The Flat Roofed House is a significant Modern Movement house designed by Colin Lucas in 1934 in 4” concrete. Inserting services and thermally upgrading the delicate fabric of the building was difficult but skilfully done by the contractors, Vascroft. The house is a continuous beam structure held in place by parallel cross beams connecting the open south elevation with the asymmetrical cranked projecting staircase on the north side. The new extensions were designed to maintain the original mass of the house by designing the garage block as a separate unit to the side. A dressing room and study have been stitched into the existing concrete to create a seamless extension, leaving small terraces at the back and front. A timber deck replaced the garden terrace and new double garage was added to the west side of the site, separated from the house by a kitchen court. The central section of the terraces is filled in with new accommodation and the concrete walls have been extended upwards as a continuation of the blank terrace walls themselves. This arrangement provides smaller, usable, open terraces on either side of the new spaces and the continuation of the cantilever roof eaves. The project won the local authority Malcolm Dean Award for an outstanding work on a historic building.
Cyril Kemp and Mary Crawley, both well known modern movement quaker architects, designed this house in Tewin. One of three houses, it was featured in F R S Yorke’s book on The Modern House in England alongside designs by Gropius, Fry, Breuer and other Modern Movement greats.
Cyril Kemp was well known for his work with the Yorkshire miners and the pit head baths. Mary Crowley – later Mary Medd – worked on school buildings all over the world. This modest house embodies the principals of sun, light and air at the heart of the Modern Movement. It is rich in detail and the design is deceptively simple. The clarity of thought and care in the detailing is exceptional.
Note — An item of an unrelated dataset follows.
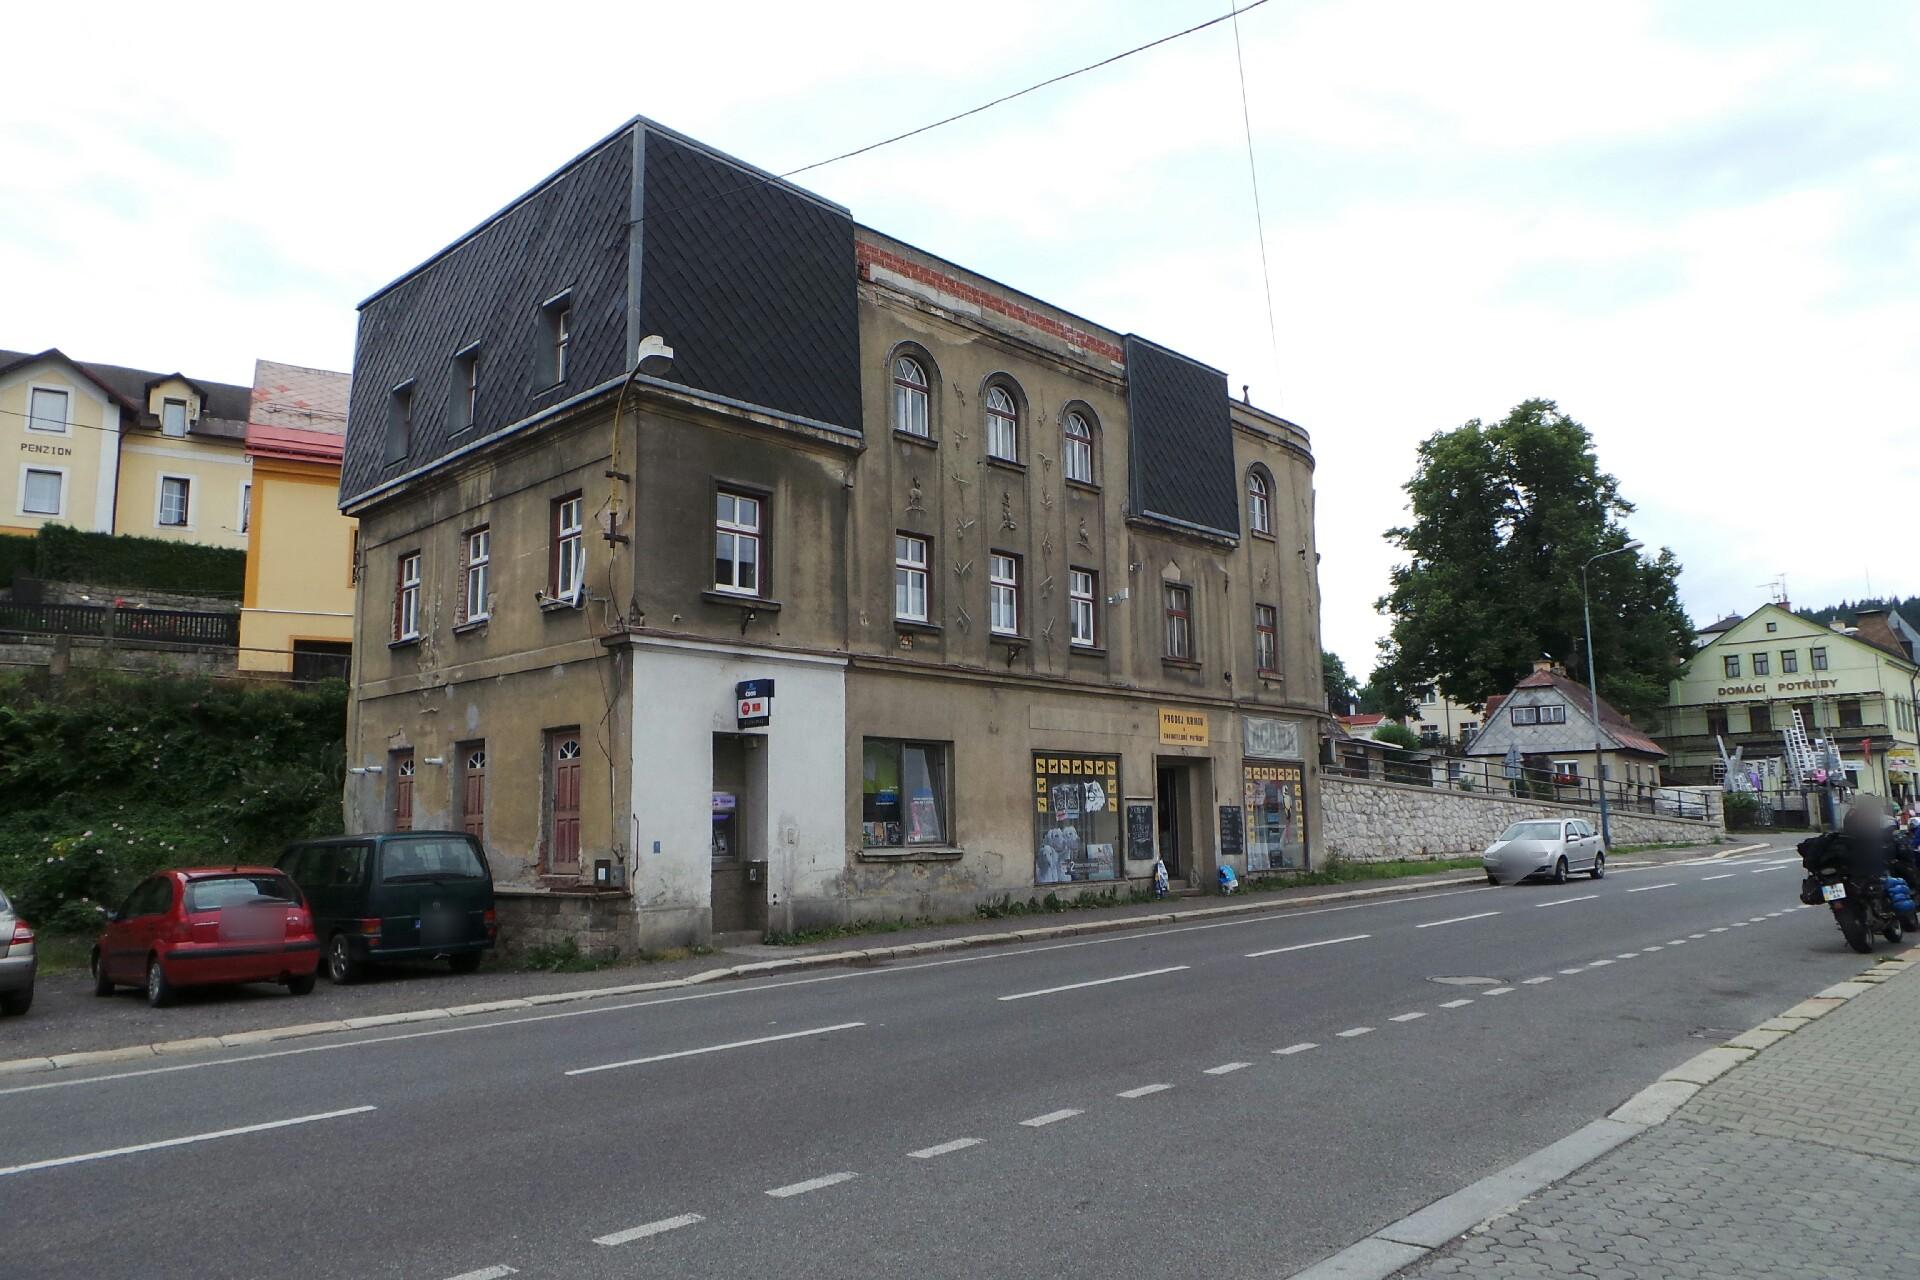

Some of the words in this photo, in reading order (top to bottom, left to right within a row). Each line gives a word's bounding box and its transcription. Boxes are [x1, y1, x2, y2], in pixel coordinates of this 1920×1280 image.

[20, 442, 72, 456] PENZION
[1717, 683, 1766, 696] DOMÁCÍ
[1777, 679, 1838, 691] POTŘEBY
The extension to the house takes up these themes and has extended the joy of the house into the garden. It is much loved and used.
Sharp Architects was asked to submit a planning application to rescue Robert Adam’s first project at 2 Queen Anne Street, London. Started in 1769 and finished in 1771, Chandos House is now designated a Grade I Listed Building. It was built for the 3rd Duke of Chandos on land which was part of the Duke of Portland’s estate, with monies from the Adam family and from the banker Sir George Colebrooke. The façade is of Craigleith stone, from a quarry to the west of Edinburgh on which the Adam brothers’ firm had recently taken a lease.
The house has many fine features including classic Adam’s fireplaces. The proportion of the rooms, mouldings and other fine details had been neglected and vandalised over the years. The work of Sharp Architects helped shift the neglect and it has since been renovated and provides a grand setting for conferences and weddings.